Em atividade desde o dia 18 de maio, a Operação Ágata 7 foi encerrada ontem (5), em toda extensão da fronteira brasileira.
A Área de Operações Oeste compreendeu cerca de 2.503 Km de fronteira do Brasil com a Bolívia e o Paraguai, nos Estados de Mato Grosso e Mato Grosso do Sul. Nesta área, o efetivo envolvido foi de cerca de 7.500 militares da Marinha, do Exército e da Força Aérea, apoiados por aproximadamente 250 agentes das Polícias Federal e Rodoviária Federal, Polícias Militar e Civil dos estados do MT e MS e diversas agências governamentais como o Instituto Brasileiro do Meio Ambiente (IBAMA), Receita Federal, Defesa Civil-MS, Agência Estadual de Defesa Sanitária Animal e Vegetal (IAGRO), Agência Brasileira de Inteligência (ABIN), Fundação Nacional do Índio (FUNAI) e a Comissão Nacional de Energia Nuclear (CNEN), entre outras.
Foram revistados 61.577 veículos, sendo apreendidos 17, e inspecionadas 1.167 embarcações, das quais duas foram apreendidas. Como resultado final, foram apreendidos 271,73 Kg de cocaína, 8.780 Kg de maconha, R$ 183.910,00 e US$ 1.000,00, 17 armas, sendo 7 fuzis AK-47, de fabricação russa, 2.134 cartuchos de diversos calibres, 65 metros cúbicos de madeira, 132 Kg de carvão vegetal, bem como realizadas 5 prisões e 17 apreensões de veículos, além de diversas outras apreensões e descaminhos.

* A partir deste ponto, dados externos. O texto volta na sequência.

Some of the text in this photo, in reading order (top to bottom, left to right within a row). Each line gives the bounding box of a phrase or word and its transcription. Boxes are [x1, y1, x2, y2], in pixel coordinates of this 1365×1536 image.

Além do combate aos ilícitos transfonteiriços e ambientais, a Operação Ágata 7 realizou, também, ações cívico-sociais (ACISO), que levaram atendimento médico, odontológico e hospitalar às populações de localidades isoladas e menos assistidas. Neste contexto, mereceu destaque a ACISO realizada em Porto Murtinho-MS, da qual participaram a Marinha, o Exército e a Força Aérea. As ACISO de Porto Murtinho e outras realizaram 2.581 atendimentos médicos, 1.685 atendimentos odontológicos, 4.318 atividades de prevenção de saúde e distribuíram 31.928 medicamentos. Além disso, foram manutenidos e recuperados trechos de estrada com extensão da ordem de 15,7 Km.
O principal objetivo era intensificar a presença do Estado na faixa de fronteira e combater os crimes transfronteiriços, como narcotráfico, contrabando e descaminho, tráfico de armas e munições, crimes ambientais, contrabando de veículos, imigração e garimpo ilegais.

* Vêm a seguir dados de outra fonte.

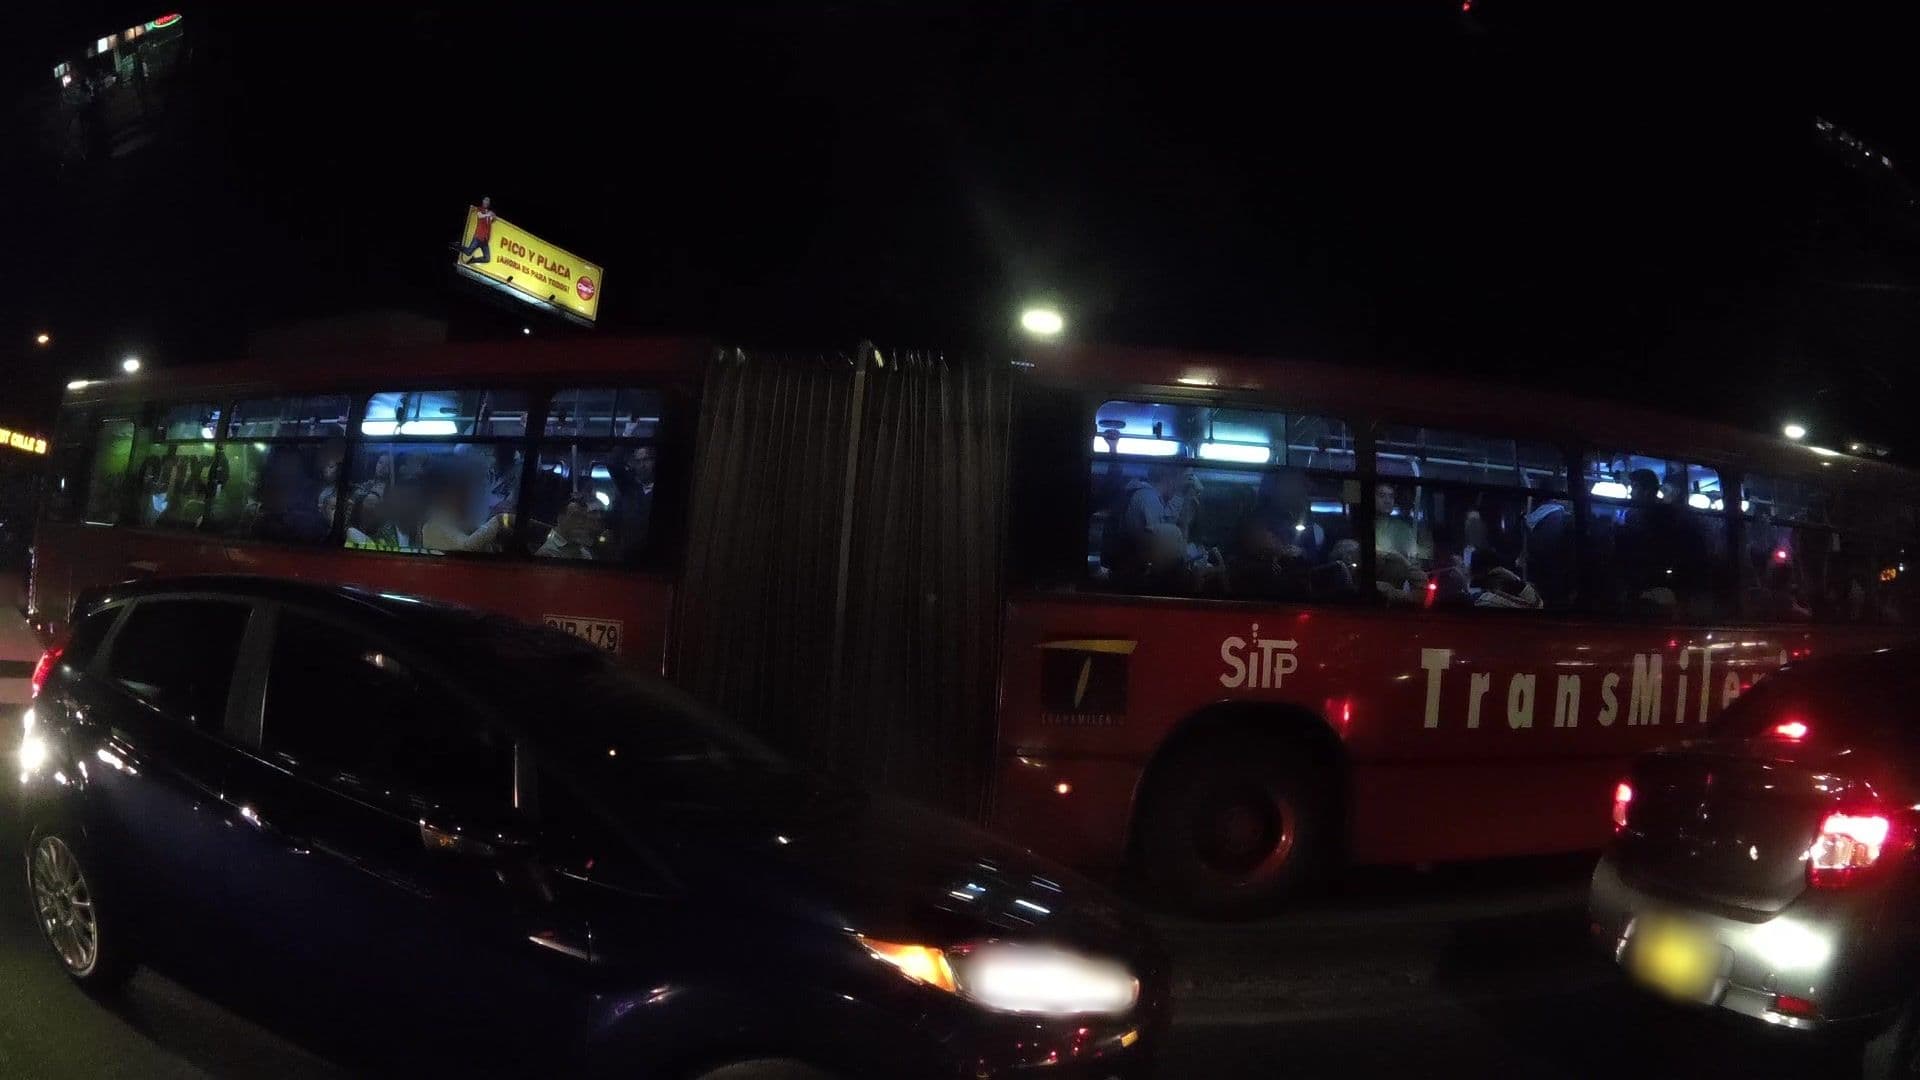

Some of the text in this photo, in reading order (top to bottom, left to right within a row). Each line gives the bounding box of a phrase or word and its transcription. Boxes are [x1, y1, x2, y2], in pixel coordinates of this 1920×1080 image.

[500, 236, 571, 280] PICO Y PLACA

A operação foi coordenada pelo Ministério da Defesa, por meio do Estado-Maior Conjunto das Forças Armadas (EMCFA), e contou com a participação do Ministério da Justiça e do Ministério da Fazenda, conforme o Plano Estratégico de Fronteiras (PEF), criado por decreto da presidenta Dilma Rousseff, em junho de 2011.